> **WORK REQUIRED**: Leave out the pictures and reproduce all of the data exactly.

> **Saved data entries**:
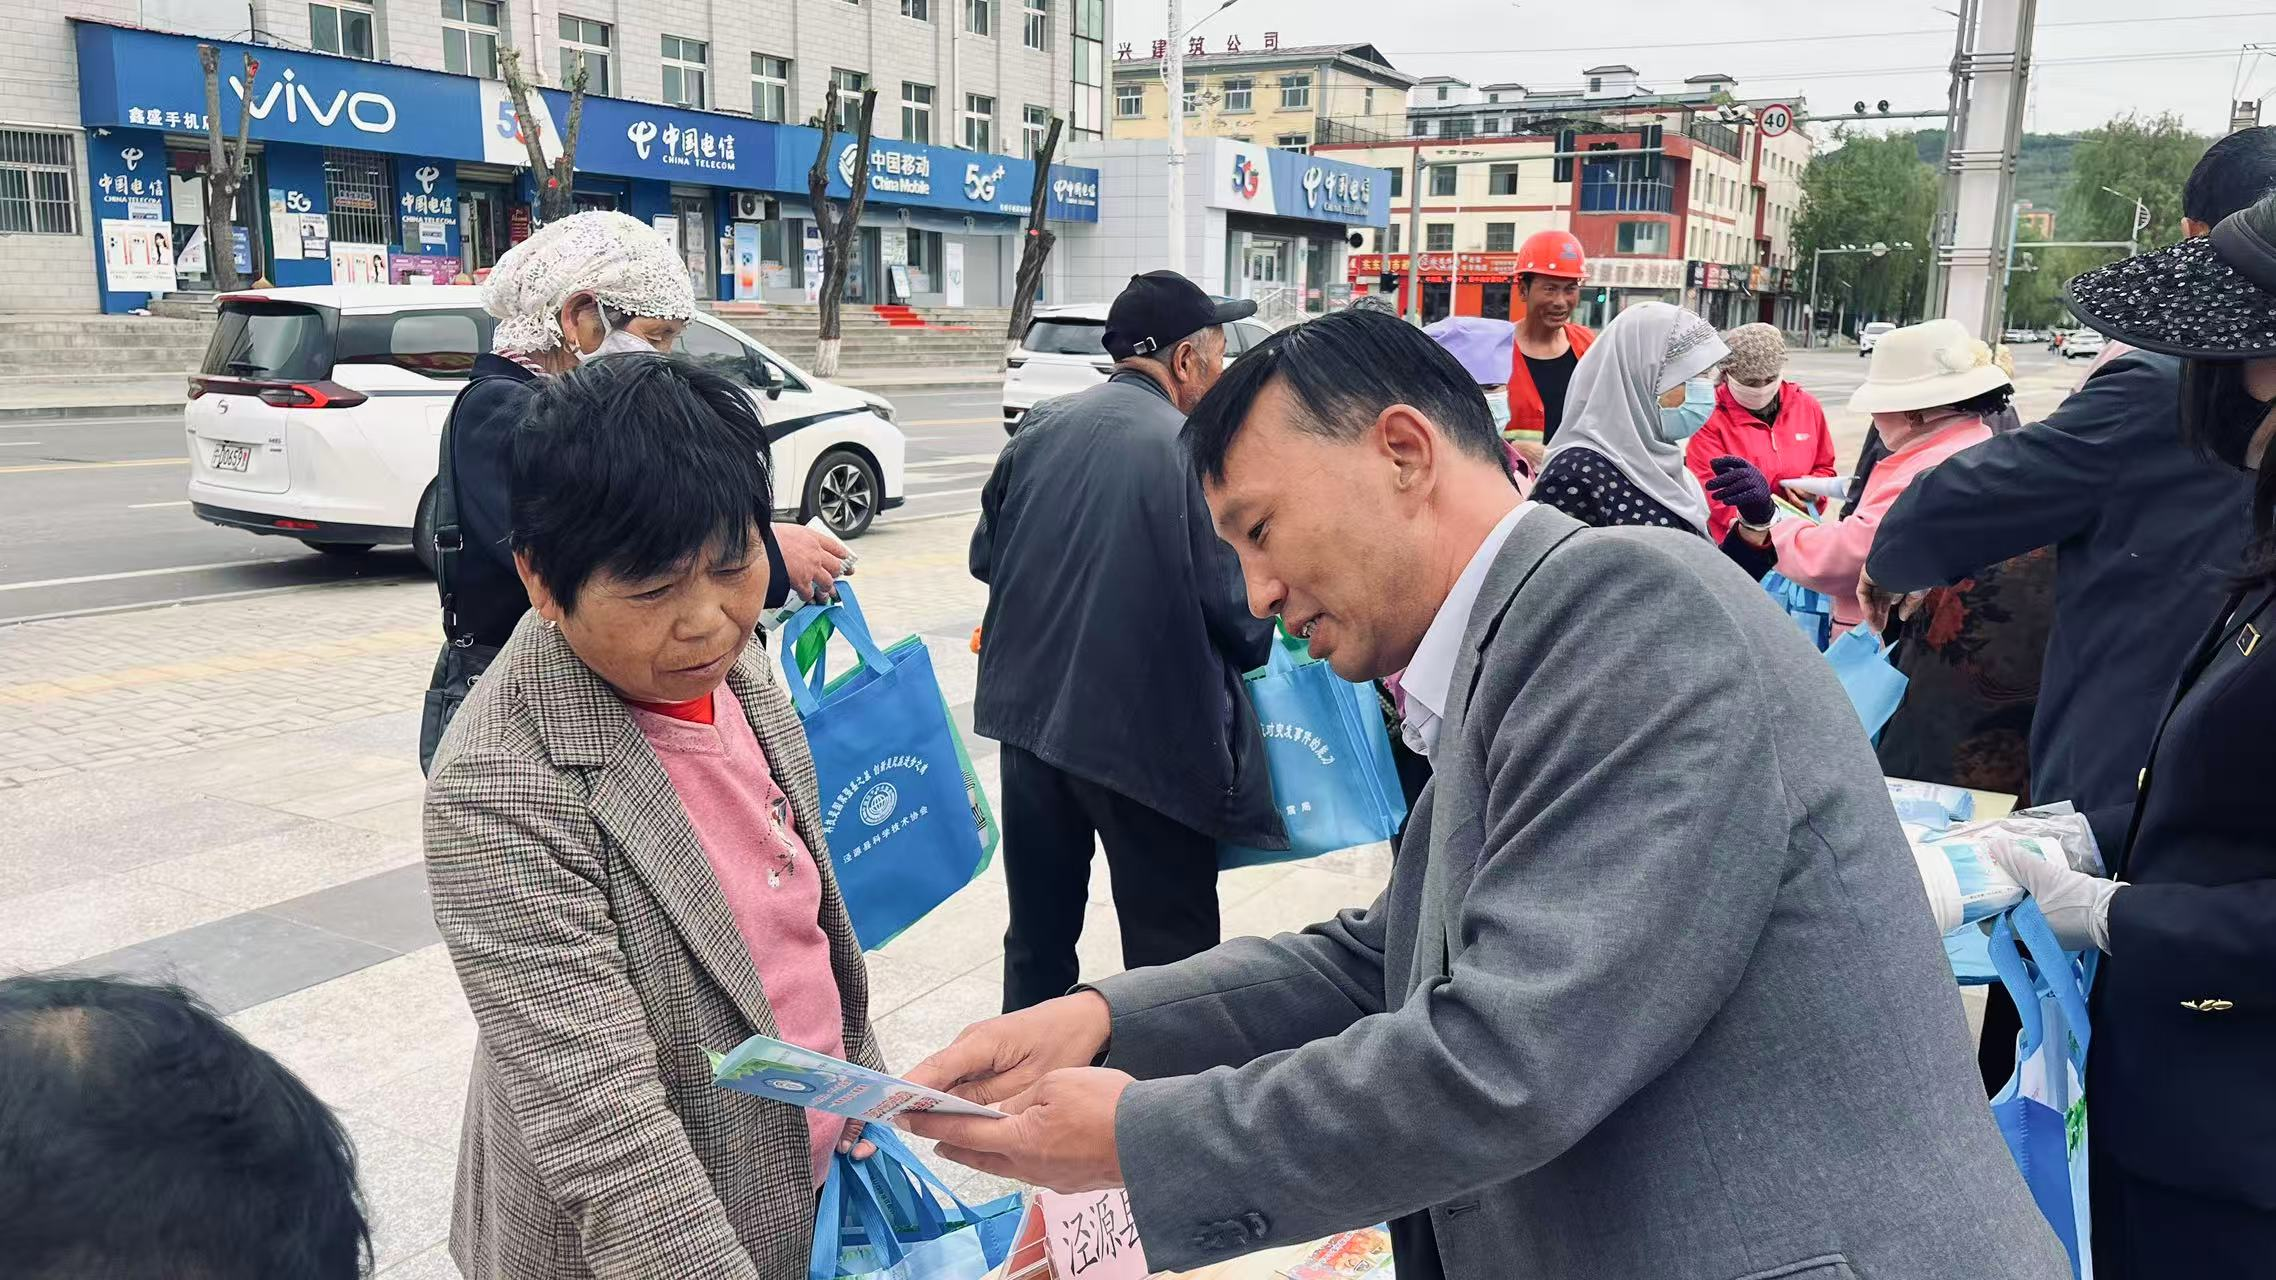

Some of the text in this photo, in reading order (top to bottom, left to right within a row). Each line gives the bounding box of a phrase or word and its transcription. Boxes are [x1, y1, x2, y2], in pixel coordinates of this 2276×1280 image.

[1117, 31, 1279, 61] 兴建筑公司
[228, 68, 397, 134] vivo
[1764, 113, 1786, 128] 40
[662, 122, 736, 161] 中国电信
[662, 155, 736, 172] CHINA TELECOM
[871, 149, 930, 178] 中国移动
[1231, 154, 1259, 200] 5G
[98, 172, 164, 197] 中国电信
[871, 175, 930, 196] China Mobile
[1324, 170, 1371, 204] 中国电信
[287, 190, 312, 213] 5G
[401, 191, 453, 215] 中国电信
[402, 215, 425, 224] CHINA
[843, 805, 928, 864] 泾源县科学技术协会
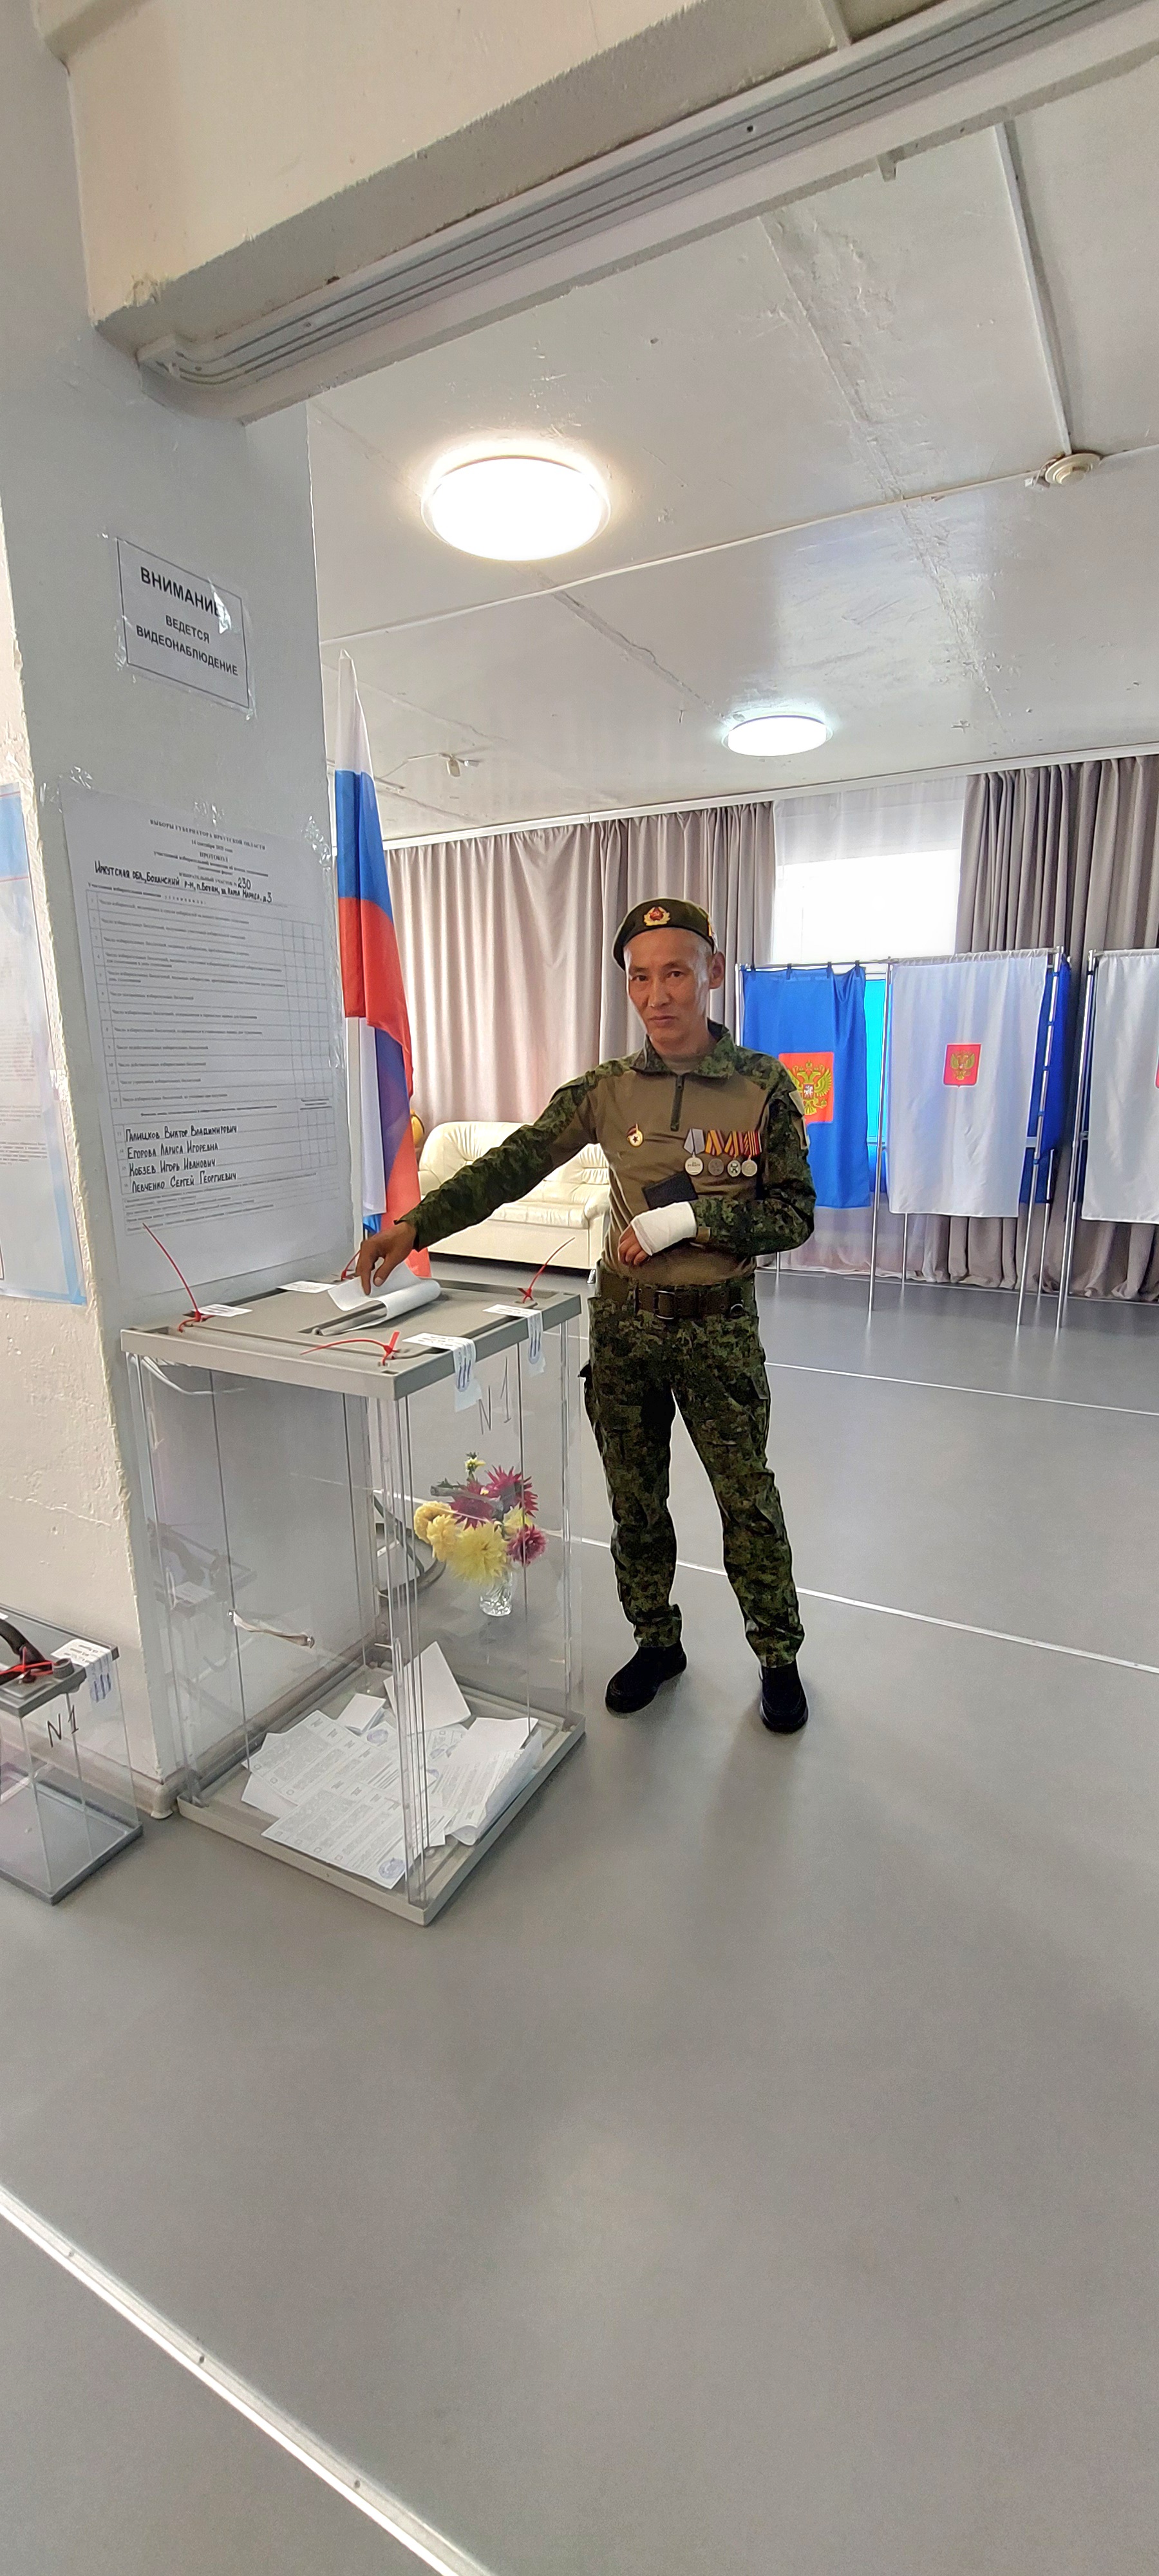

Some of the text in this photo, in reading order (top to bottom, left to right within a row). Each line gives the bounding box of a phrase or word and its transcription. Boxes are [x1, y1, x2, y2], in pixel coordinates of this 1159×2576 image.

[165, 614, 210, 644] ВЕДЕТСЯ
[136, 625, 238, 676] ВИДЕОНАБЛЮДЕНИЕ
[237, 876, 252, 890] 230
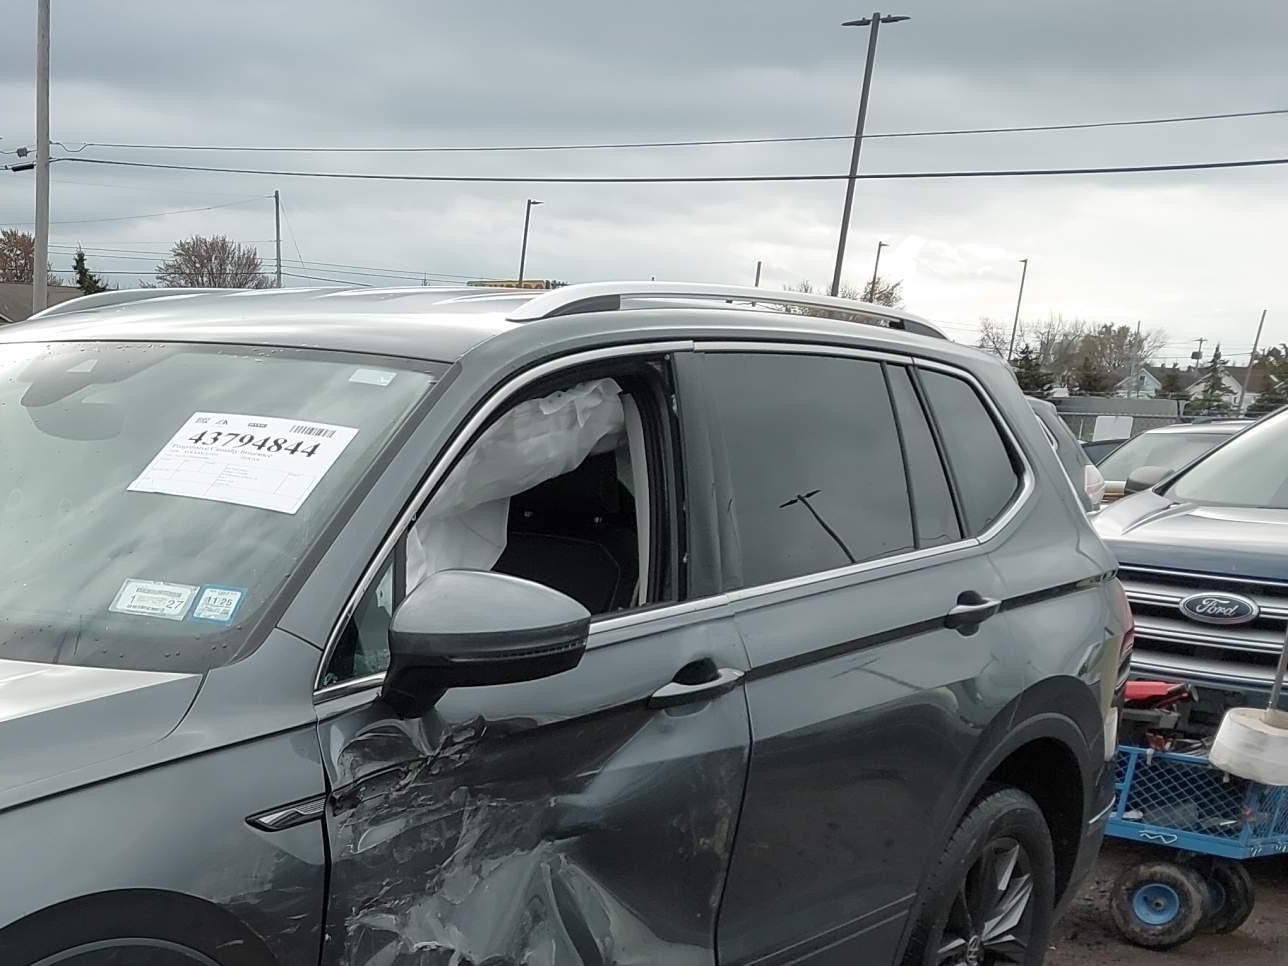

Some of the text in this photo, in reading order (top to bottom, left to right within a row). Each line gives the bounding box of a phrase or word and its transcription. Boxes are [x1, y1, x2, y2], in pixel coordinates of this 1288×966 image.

> **EXPECTED ANSWER**:
Some of the text in this photo, in reading order (top to bottom, left to right within a row). Each line gives the bounding box of a phrase or word and its transcription. Boxes are [x1, y1, x2, y2], in pixel coordinates of this 2276×1280 image.

[1117, 31, 1279, 61] 兴建筑公司
[228, 68, 397, 134] vivo
[1764, 113, 1786, 128] 40
[662, 122, 736, 161] 中国电信
[662, 155, 736, 172] CHINA TELECOM
[871, 149, 930, 178] 中国移动
[1231, 154, 1259, 200] 5G
[98, 172, 164, 197] 中国电信
[871, 175, 930, 196] China Mobile
[1324, 170, 1371, 204] 中国电信
[287, 190, 312, 213] 5G
[401, 191, 453, 215] 中国电信
[402, 215, 425, 224] CHINA
[843, 805, 928, 864] 泾源县科学技术协会

Some of the text in this photo, in reading order (top to bottom, left to right within a row). Each line gives the bounding box of a phrase or word and its transcription. Boxes are [x1, y1, x2, y2], in pixel coordinates of this 1159×2576 image.

[165, 614, 210, 644] ВЕДЕТСЯ
[136, 625, 238, 676] ВИДЕОНАБЛЮДЕНИЕ
[237, 876, 252, 890] 230

Some of the text in this photo, in reading order (top to bottom, left to right within a row). Each line gives the bounding box of a phrase or word and its transcription. Boxes are [x1, y1, x2, y2], in pixel coordinates of this 1288×966 image.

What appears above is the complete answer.